What is expected: Print out the data below with every line intact.

Data records:
________________________________________
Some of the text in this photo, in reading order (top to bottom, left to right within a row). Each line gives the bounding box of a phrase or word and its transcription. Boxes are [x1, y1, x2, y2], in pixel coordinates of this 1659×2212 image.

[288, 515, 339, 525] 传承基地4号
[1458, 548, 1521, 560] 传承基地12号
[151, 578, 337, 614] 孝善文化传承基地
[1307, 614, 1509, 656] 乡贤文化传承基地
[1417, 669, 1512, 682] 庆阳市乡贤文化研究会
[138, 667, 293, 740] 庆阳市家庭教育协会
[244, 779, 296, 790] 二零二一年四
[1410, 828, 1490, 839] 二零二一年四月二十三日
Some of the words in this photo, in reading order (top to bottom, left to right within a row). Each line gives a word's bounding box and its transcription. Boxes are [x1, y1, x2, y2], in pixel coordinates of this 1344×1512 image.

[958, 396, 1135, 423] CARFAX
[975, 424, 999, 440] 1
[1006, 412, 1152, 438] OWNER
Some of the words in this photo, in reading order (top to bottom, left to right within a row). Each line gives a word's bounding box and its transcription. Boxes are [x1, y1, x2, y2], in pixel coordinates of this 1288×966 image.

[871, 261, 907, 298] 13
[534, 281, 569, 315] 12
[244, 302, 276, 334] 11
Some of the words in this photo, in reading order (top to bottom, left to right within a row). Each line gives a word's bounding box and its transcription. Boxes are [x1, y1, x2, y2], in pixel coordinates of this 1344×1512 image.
________________________________________
Problem solution:
Some of the text in this photo, in reading order (top to bottom, left to right within a row). Each line gives the bounding box of a phrase or word and its transcription. Boxes are [x1, y1, x2, y2], in pixel coordinates of this 1659×2212 image.

[288, 515, 339, 525] 传承基地4号
[1458, 548, 1521, 560] 传承基地12号
[151, 578, 337, 614] 孝善文化传承基地
[1307, 614, 1509, 656] 乡贤文化传承基地
[1417, 669, 1512, 682] 庆阳市乡贤文化研究会
[138, 667, 293, 740] 庆阳市家庭教育协会
[244, 779, 296, 790] 二零二一年四
[1410, 828, 1490, 839] 二零二一年四月二十三日
Some of the words in this photo, in reading order (top to bottom, left to right within a row). Each line gives a word's bounding box and its transcription. Boxes are [x1, y1, x2, y2], in pixel coordinates of this 1344×1512 image.

[958, 396, 1135, 423] CARFAX
[975, 424, 999, 440] 1
[1006, 412, 1152, 438] OWNER
Some of the words in this photo, in reading order (top to bottom, left to right within a row). Each line gives a word's bounding box and its transcription. Boxes are [x1, y1, x2, y2], in pixel coordinates of this 1288×966 image.

[871, 261, 907, 298] 13
[534, 281, 569, 315] 12
[244, 302, 276, 334] 11
Some of the words in this photo, in reading order (top to bottom, left to right within a row). Each line gives a word's bounding box and its transcription. Boxes are [x1, y1, x2, y2], in pixel coordinates of this 1344×1512 image.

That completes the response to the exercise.